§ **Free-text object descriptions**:

----------

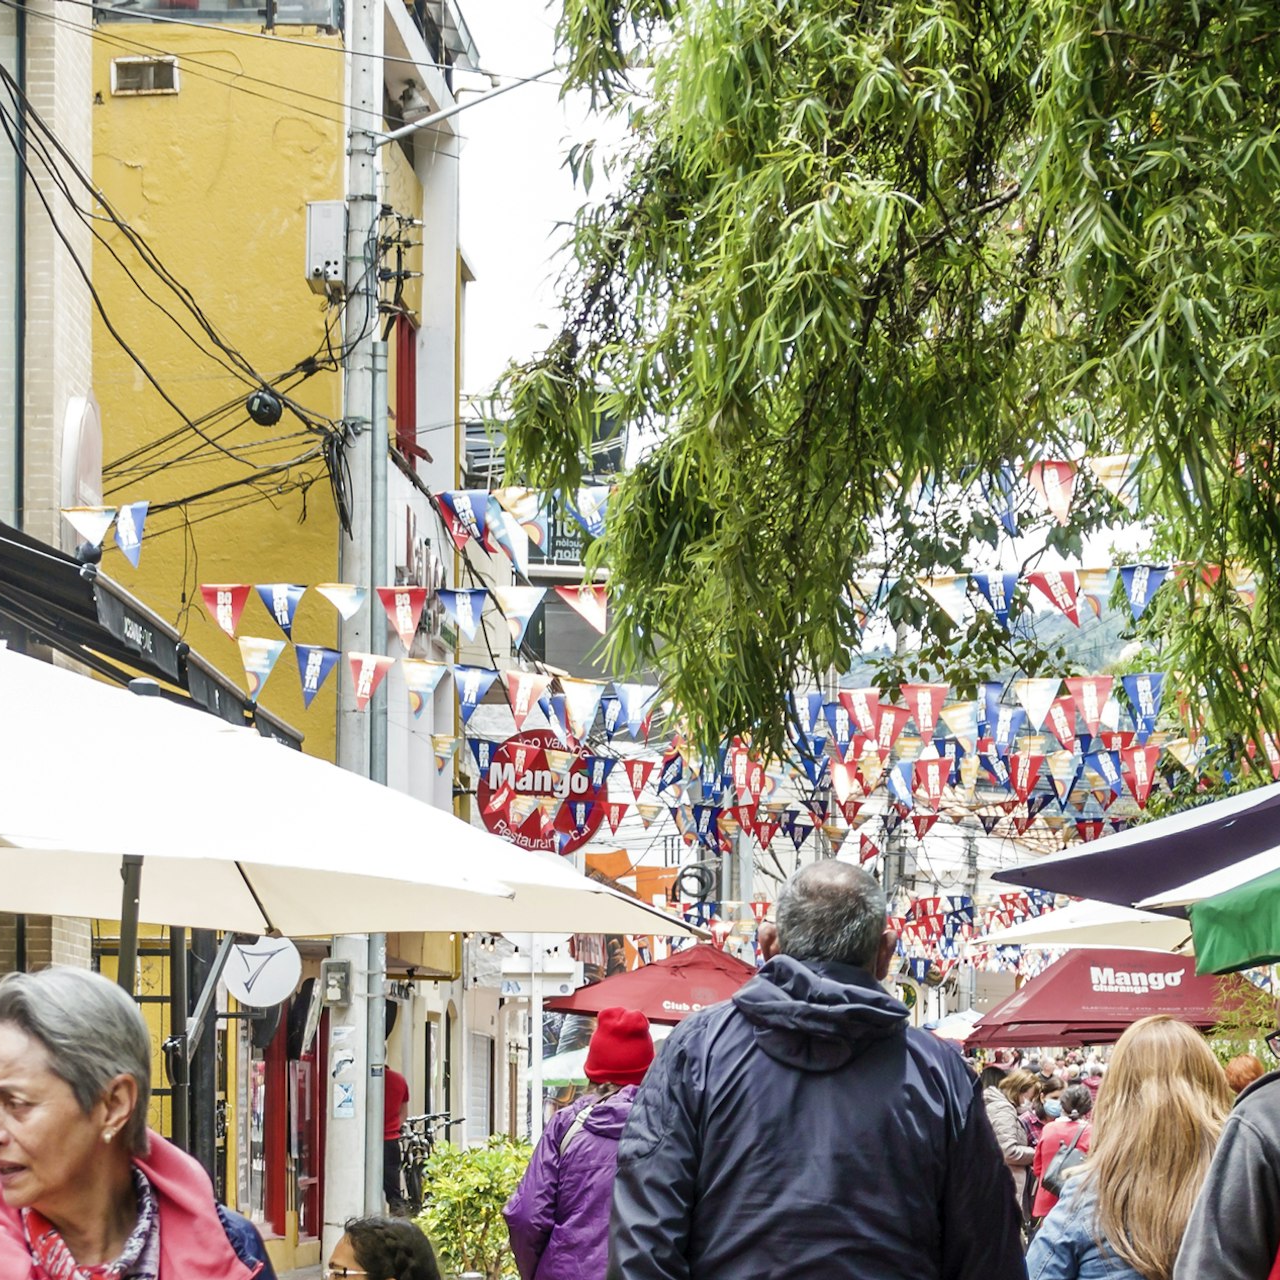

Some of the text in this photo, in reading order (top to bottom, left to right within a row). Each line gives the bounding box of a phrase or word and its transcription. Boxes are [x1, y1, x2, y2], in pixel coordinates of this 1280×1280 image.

[489, 762, 589, 799] Mango
[1089, 966, 1185, 990] Mango
[1092, 984, 1149, 994] charanga
[662, 1000, 690, 1011] Club
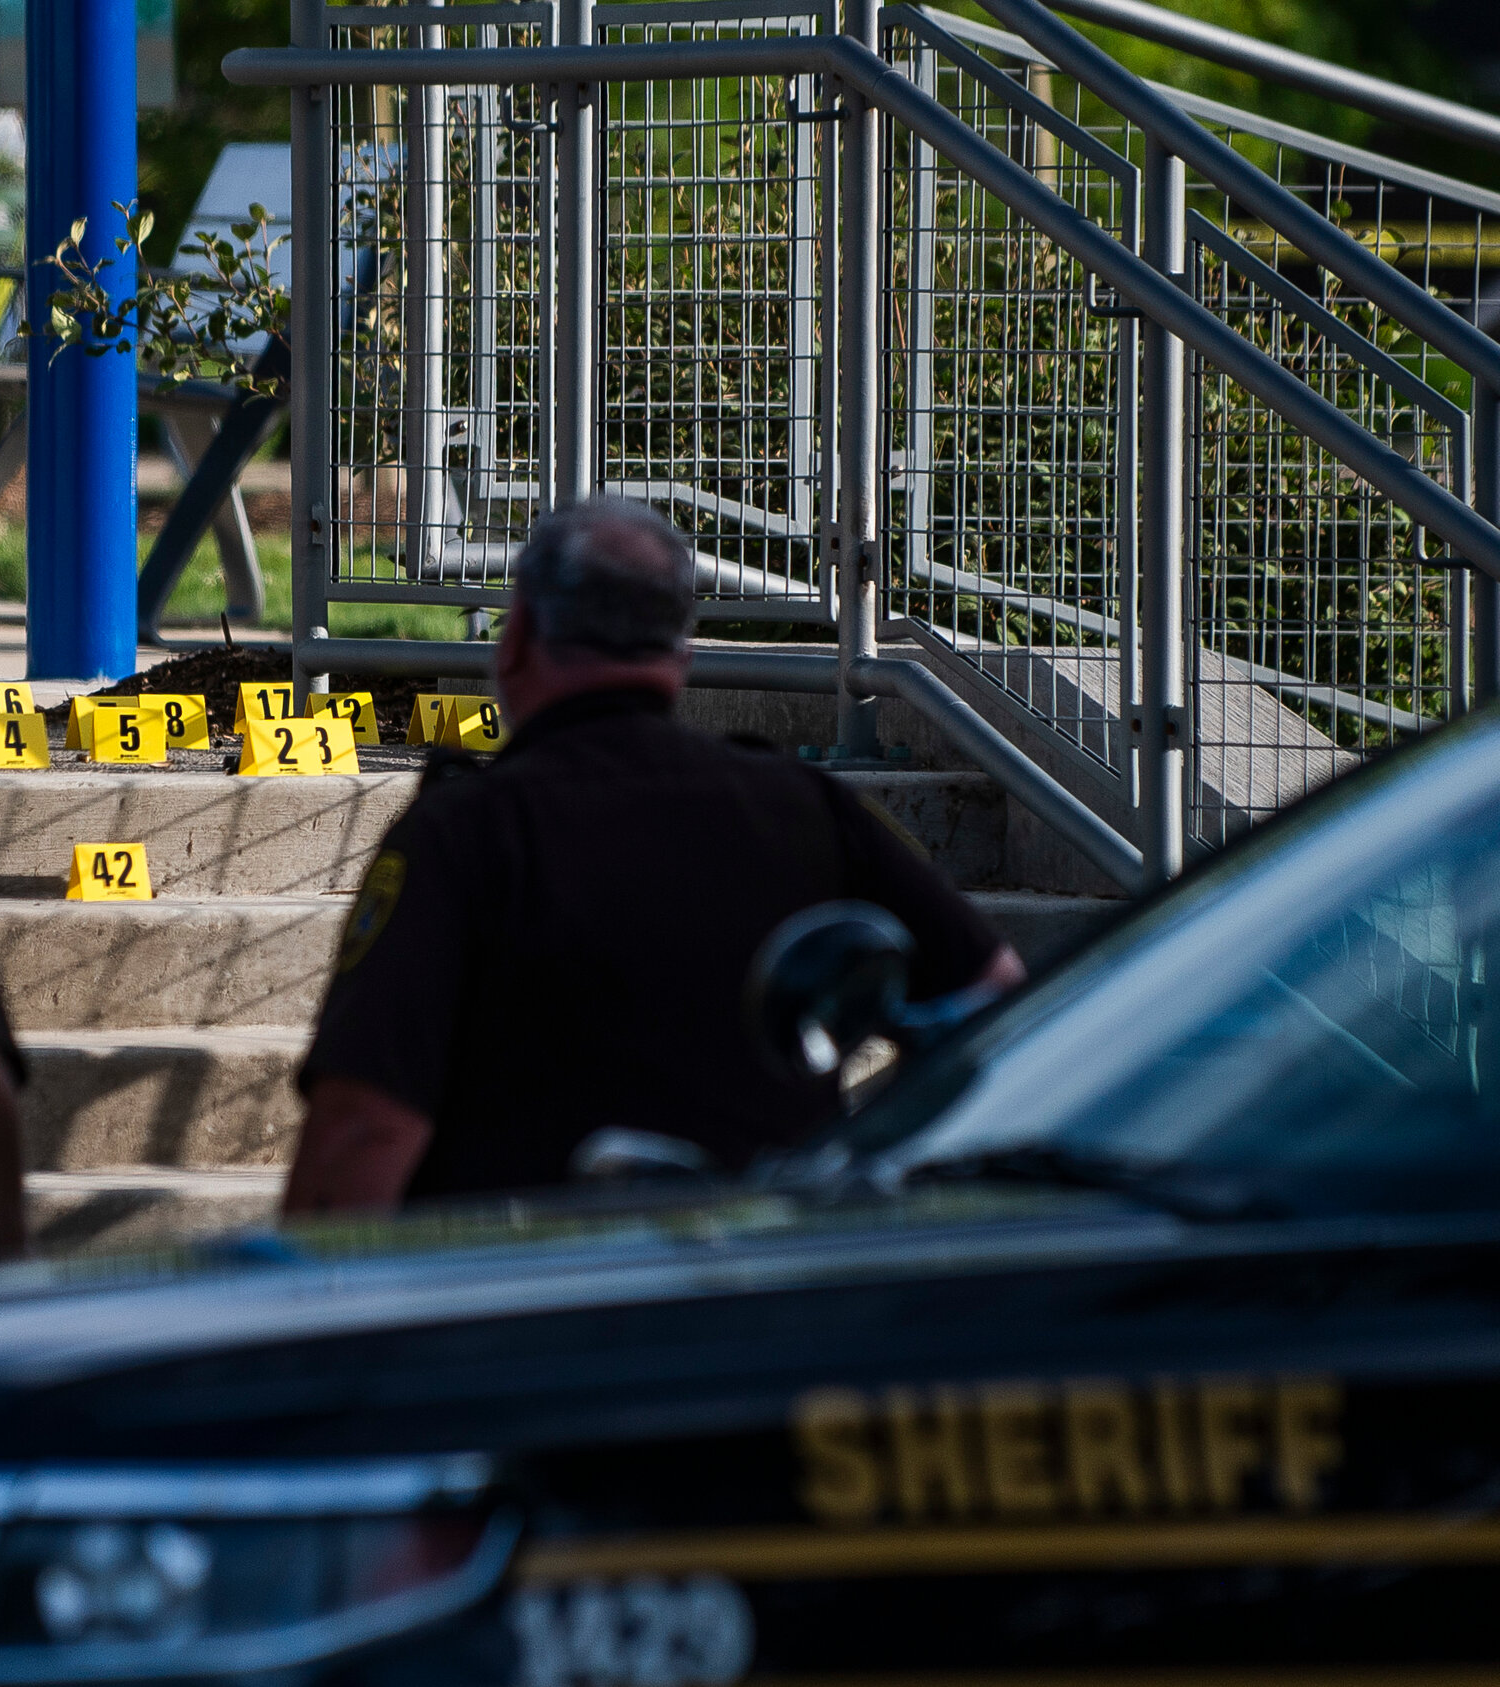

----------

§ **EXERCISE DIRECTIONS**: Every record must be copied exactly, with the pictures left out.

§ **REPLY TO THE EXERCISE**:
Some of the text in this photo, in reading order (top to bottom, left to right within a row). Each line gives the bounding box of a phrase or word and its transcription. Boxes are [x1, y1, x2, y2], in pixel coordinates of this 1280×1280 image.

[489, 762, 589, 799] Mango
[1089, 966, 1185, 990] Mango
[1092, 984, 1149, 994] charanga
[662, 1000, 690, 1011] Club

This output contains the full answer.